AIM OF THE EXERCISE: When you copy the entries, match them exactly and omit the pictures.

DATA TO USE:
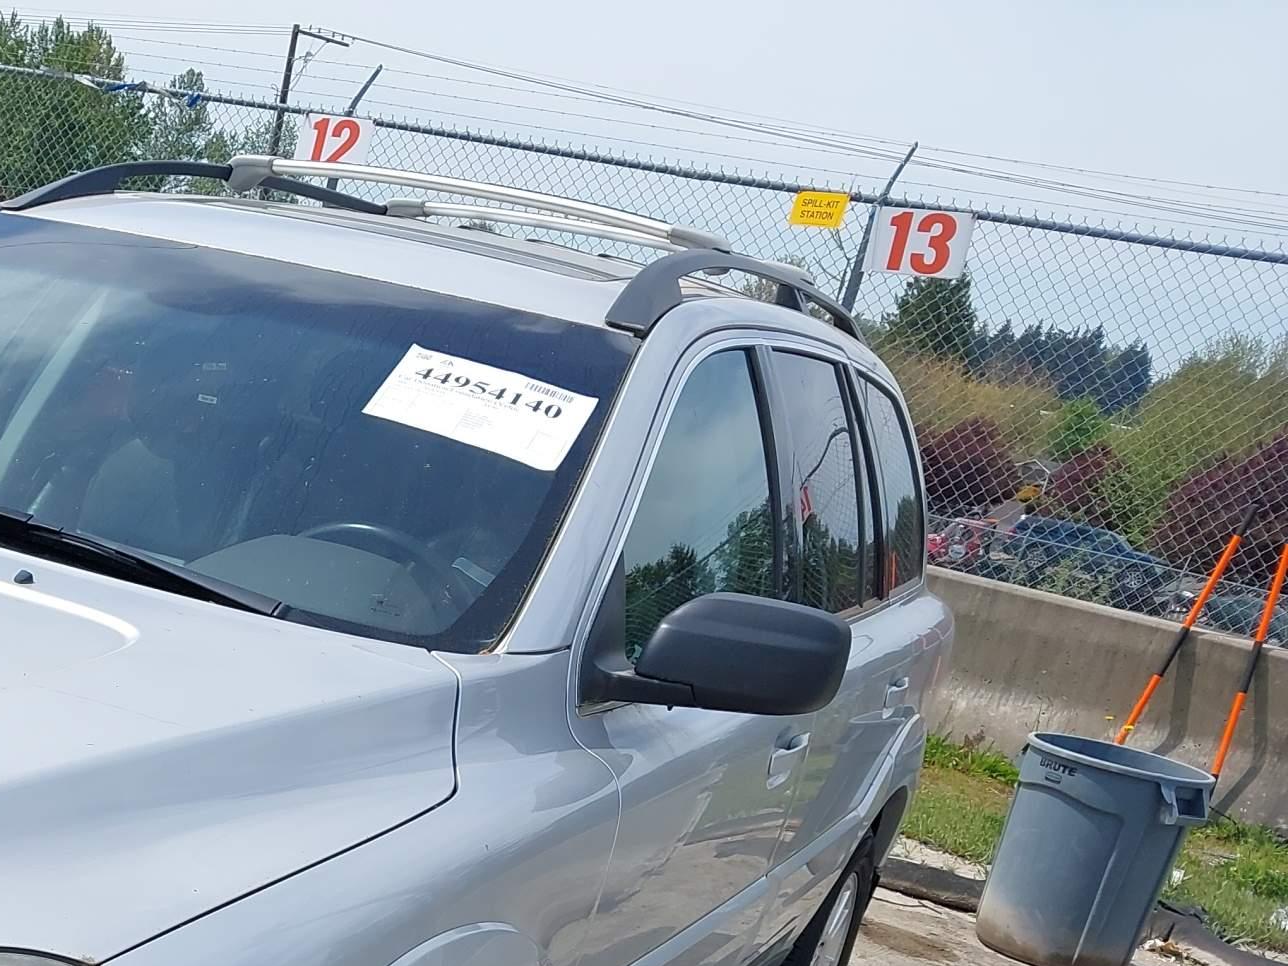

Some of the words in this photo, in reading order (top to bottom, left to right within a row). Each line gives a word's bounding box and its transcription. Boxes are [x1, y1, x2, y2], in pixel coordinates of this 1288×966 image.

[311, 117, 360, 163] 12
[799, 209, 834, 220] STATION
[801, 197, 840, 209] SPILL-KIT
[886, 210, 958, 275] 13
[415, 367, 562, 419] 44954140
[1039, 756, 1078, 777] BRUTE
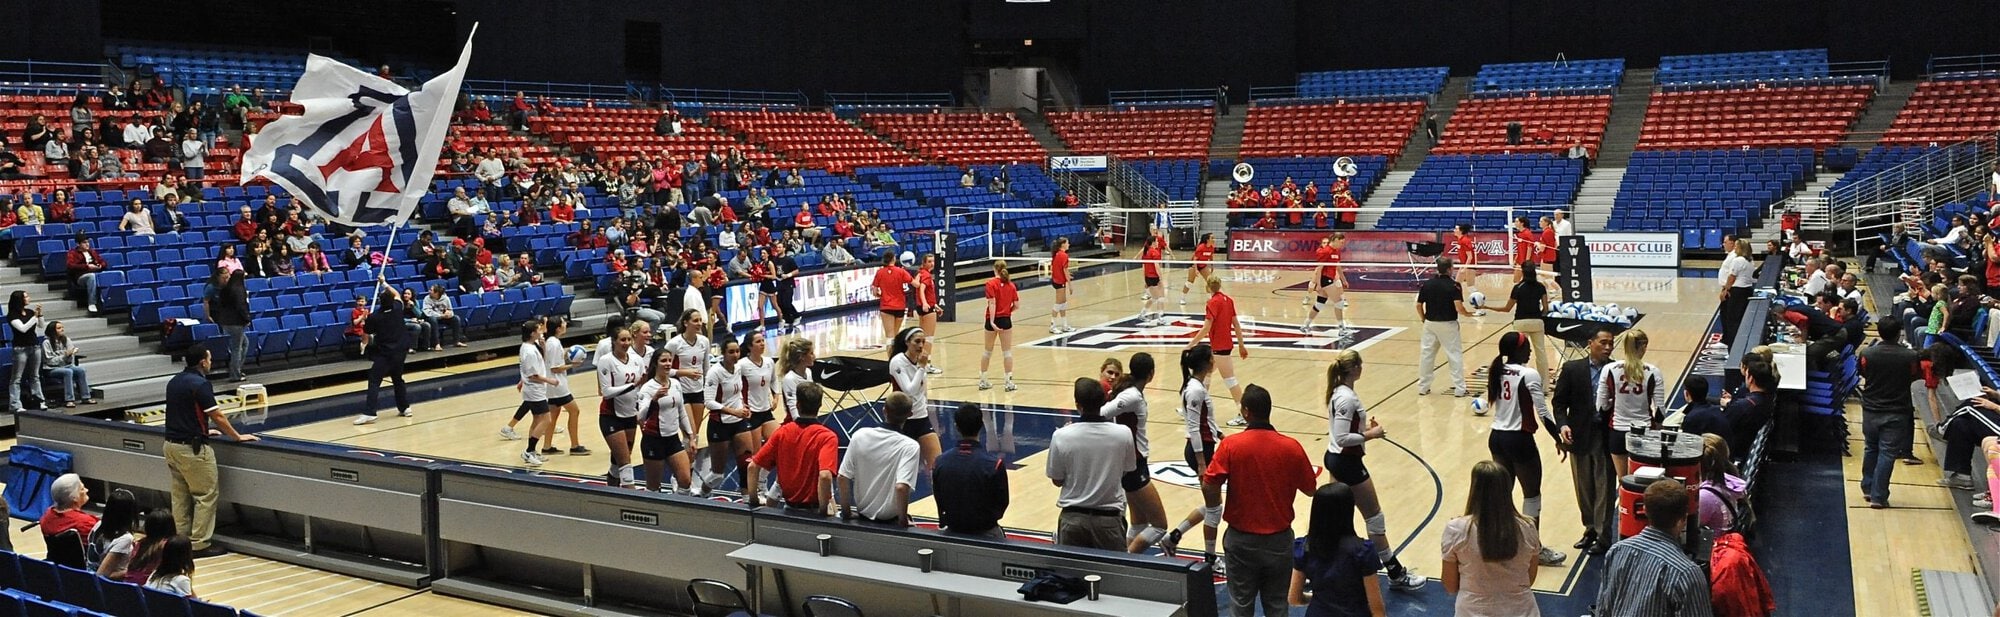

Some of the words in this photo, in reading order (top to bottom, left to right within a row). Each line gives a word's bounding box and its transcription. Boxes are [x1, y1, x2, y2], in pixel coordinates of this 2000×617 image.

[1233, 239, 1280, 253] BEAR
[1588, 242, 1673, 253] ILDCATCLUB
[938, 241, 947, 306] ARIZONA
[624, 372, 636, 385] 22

YOUR SOLUTION:
Some of the words in this photo, in reading order (top to bottom, left to right within a row). Each line gives a word's bounding box and its transcription. Boxes are [x1, y1, x2, y2], in pixel coordinates of this 1288×966 image.

[311, 117, 360, 163] 12
[799, 209, 834, 220] STATION
[801, 197, 840, 209] SPILL-KIT
[886, 210, 958, 275] 13
[415, 367, 562, 419] 44954140
[1039, 756, 1078, 777] BRUTE

Some of the words in this photo, in reading order (top to bottom, left to right within a row). Each line gives a word's bounding box and its transcription. Boxes are [x1, y1, x2, y2], in pixel coordinates of this 2000×617 image.

[1233, 239, 1280, 253] BEAR
[1588, 242, 1673, 253] ILDCATCLUB
[938, 241, 947, 306] ARIZONA
[624, 372, 636, 385] 22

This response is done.